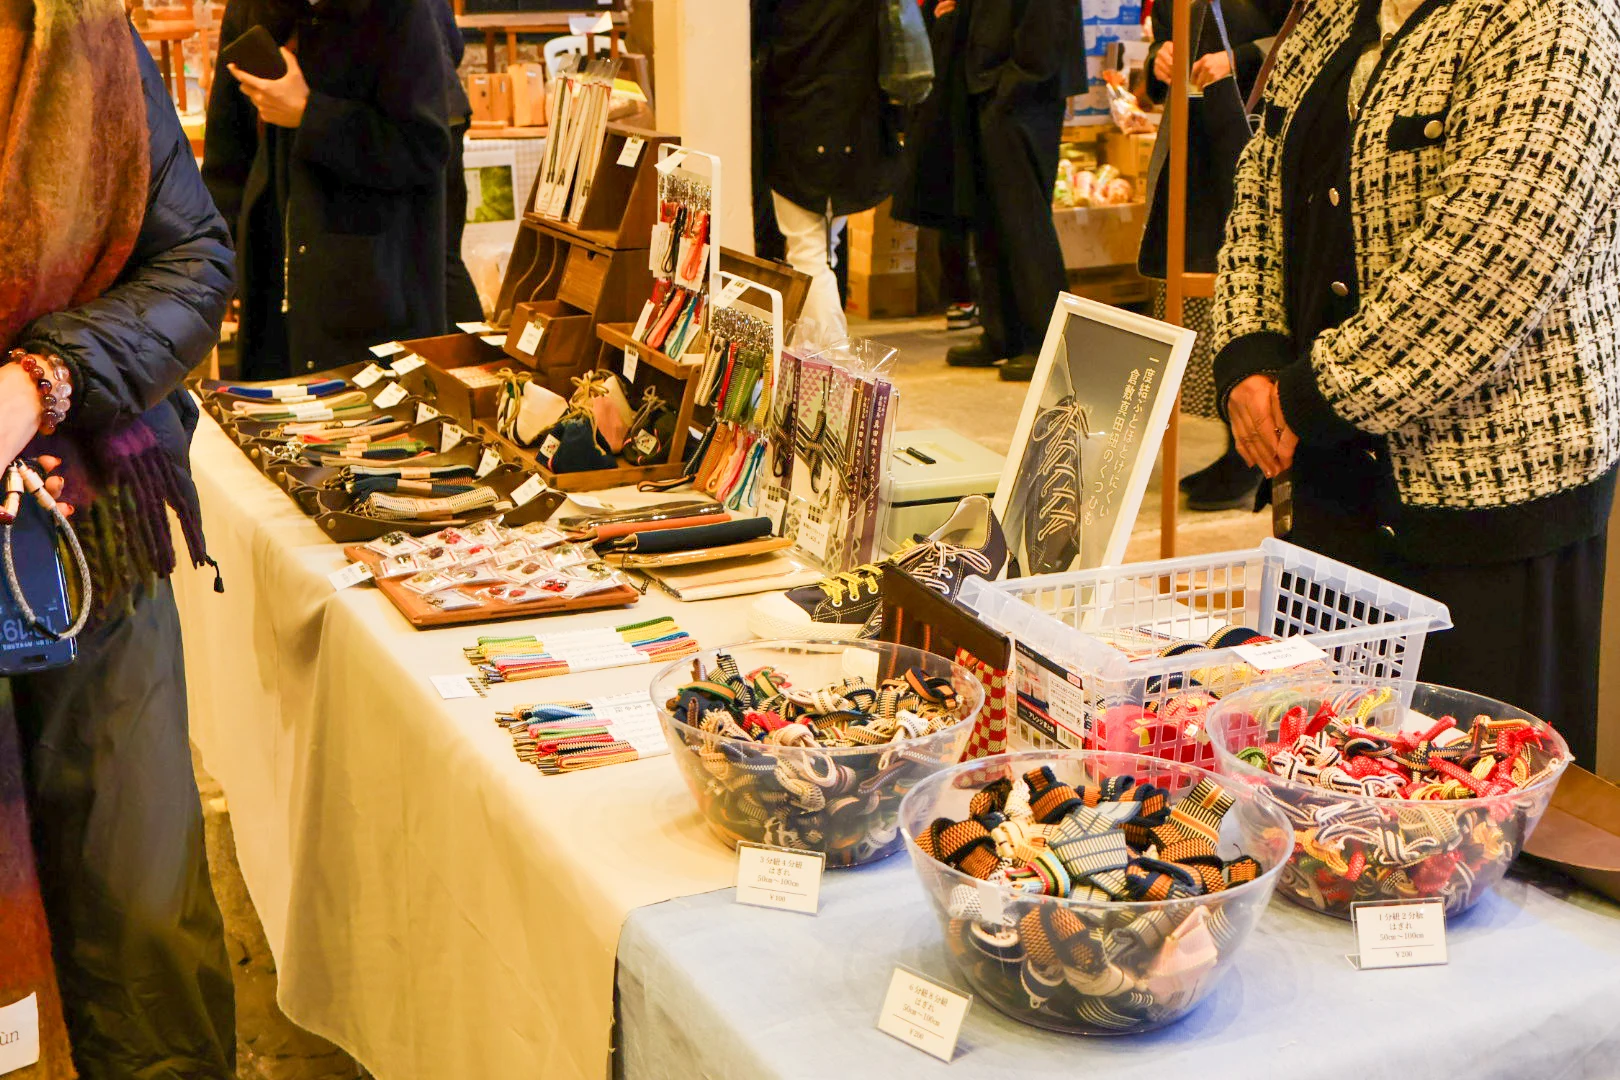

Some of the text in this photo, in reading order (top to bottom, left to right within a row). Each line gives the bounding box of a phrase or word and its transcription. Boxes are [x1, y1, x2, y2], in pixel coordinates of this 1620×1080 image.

[1084, 368, 1141, 526] 倉敷真田紐のくつひも
[768, 866, 791, 877] はぎれ
[1389, 921, 1413, 931] はぎれ
[914, 997, 935, 1013] はぎれ
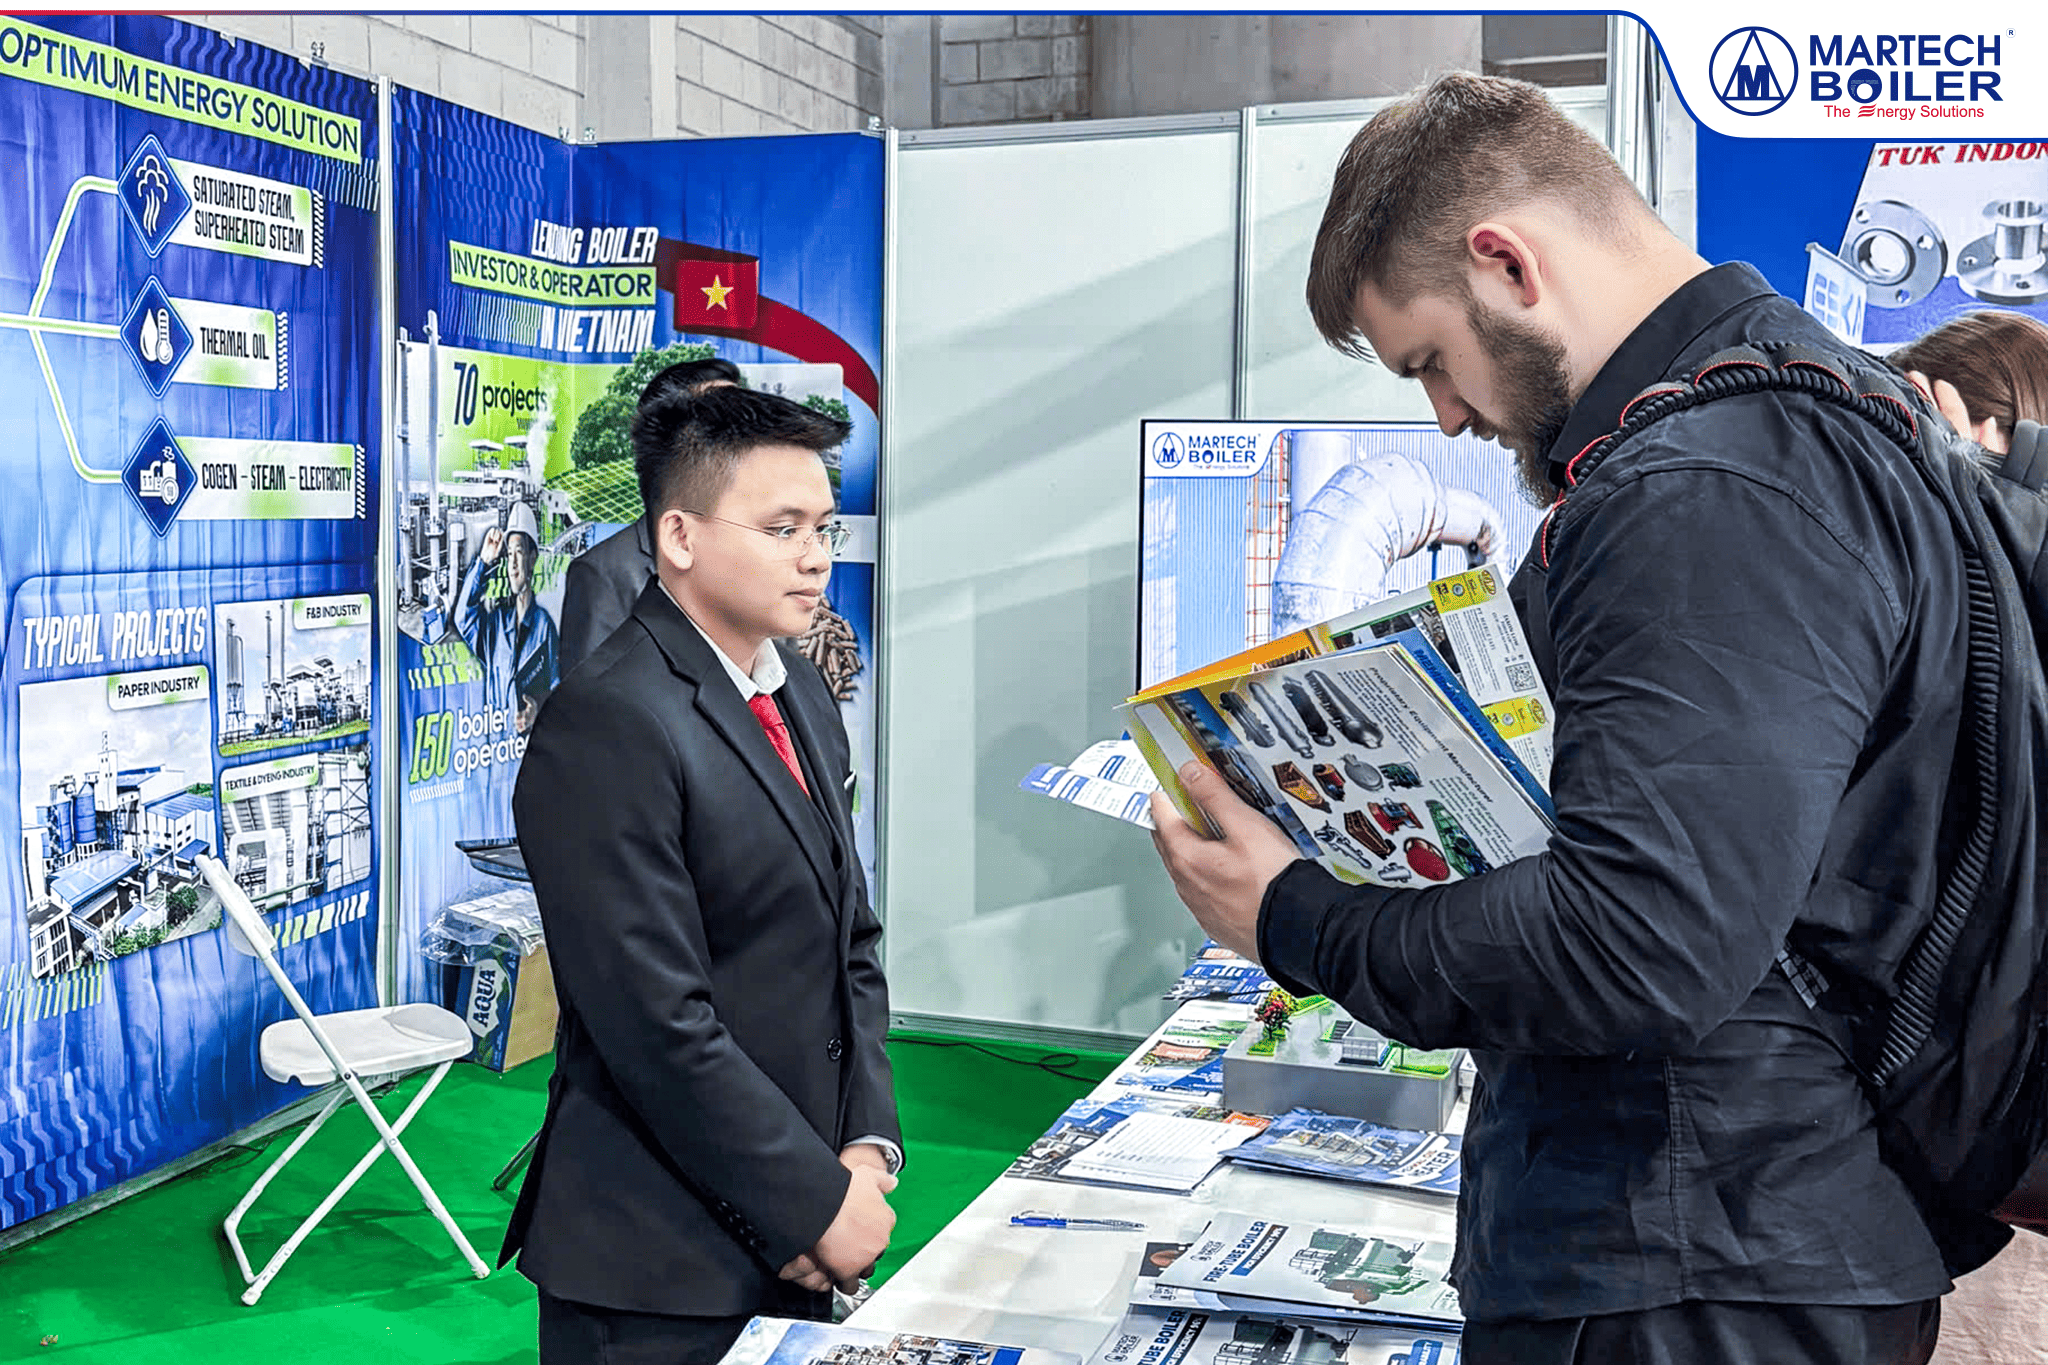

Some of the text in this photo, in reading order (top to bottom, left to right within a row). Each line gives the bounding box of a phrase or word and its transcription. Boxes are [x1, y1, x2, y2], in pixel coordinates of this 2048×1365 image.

[0, 27, 358, 154] OPTIMUM ENERGY SOLUTION
[1872, 145, 1945, 167] TUK
[193, 175, 296, 223] SATURATED STEAM,
[194, 210, 305, 254] SUPERHEATED STEAM
[586, 227, 659, 263] BOILER
[452, 248, 652, 297] INVESTOR & OPERATOR
[200, 327, 270, 360] THERMAL OIL
[557, 308, 656, 353] VIETNAM
[454, 361, 548, 426] 70 projects
[1188, 435, 1256, 449] MARTECH
[1189, 450, 1256, 464] BOILER
[202, 463, 237, 490] COGEN
[251, 464, 286, 491] STEAM
[299, 466, 352, 492] ELECTRICITY
[306, 603, 362, 620] F&B INDUSTRY
[23, 607, 207, 670] TYPICAL PROJECTS
[117, 676, 200, 699] PAPER INDUSTRY
[408, 704, 510, 784] 150 boiler
[1368, 667, 1410, 709] Proprietary
[1446, 753, 1493, 802] Manufacturer
[225, 776, 251, 791] TEXTILE
[282, 764, 315, 782] INDUSTRY
[472, 969, 496, 1028] AQUA
[1203, 1221, 1268, 1282] FIRE-TUBE BOILER
[1154, 1310, 1187, 1344] BOILER

◇ ◇ ◇ ◇ ◇ ◇ ◇

● Work instruction:
What is needed is an exact copy of the records above, with no pictures in it.

● Exercise answer:
Some of the text in this photo, in reading order (top to bottom, left to right within a row). Each line gives the bounding box of a phrase or word and its transcription. Boxes are [x1, y1, x2, y2], in pixel coordinates of this 1620×1080 image.

[1084, 368, 1141, 526] 倉敷真田紐のくつひも
[768, 866, 791, 877] はぎれ
[1389, 921, 1413, 931] はぎれ
[914, 997, 935, 1013] はぎれ

Some of the text in this photo, in reading order (top to bottom, left to right within a row). Each line gives the bounding box of a phrase or word and its transcription. Boxes are [x1, y1, x2, y2], in pixel coordinates of this 2048×1365 image.

[0, 27, 358, 154] OPTIMUM ENERGY SOLUTION
[1872, 145, 1945, 167] TUK
[193, 175, 296, 223] SATURATED STEAM,
[194, 210, 305, 254] SUPERHEATED STEAM
[586, 227, 659, 263] BOILER
[452, 248, 652, 297] INVESTOR & OPERATOR
[200, 327, 270, 360] THERMAL OIL
[557, 308, 656, 353] VIETNAM
[454, 361, 548, 426] 70 projects
[1188, 435, 1256, 449] MARTECH
[1189, 450, 1256, 464] BOILER
[202, 463, 237, 490] COGEN
[251, 464, 286, 491] STEAM
[299, 466, 352, 492] ELECTRICITY
[306, 603, 362, 620] F&B INDUSTRY
[23, 607, 207, 670] TYPICAL PROJECTS
[117, 676, 200, 699] PAPER INDUSTRY
[408, 704, 510, 784] 150 boiler
[1368, 667, 1410, 709] Proprietary
[1446, 753, 1493, 802] Manufacturer
[225, 776, 251, 791] TEXTILE
[282, 764, 315, 782] INDUSTRY
[472, 969, 496, 1028] AQUA
[1203, 1221, 1268, 1282] FIRE-TUBE BOILER
[1154, 1310, 1187, 1344] BOILER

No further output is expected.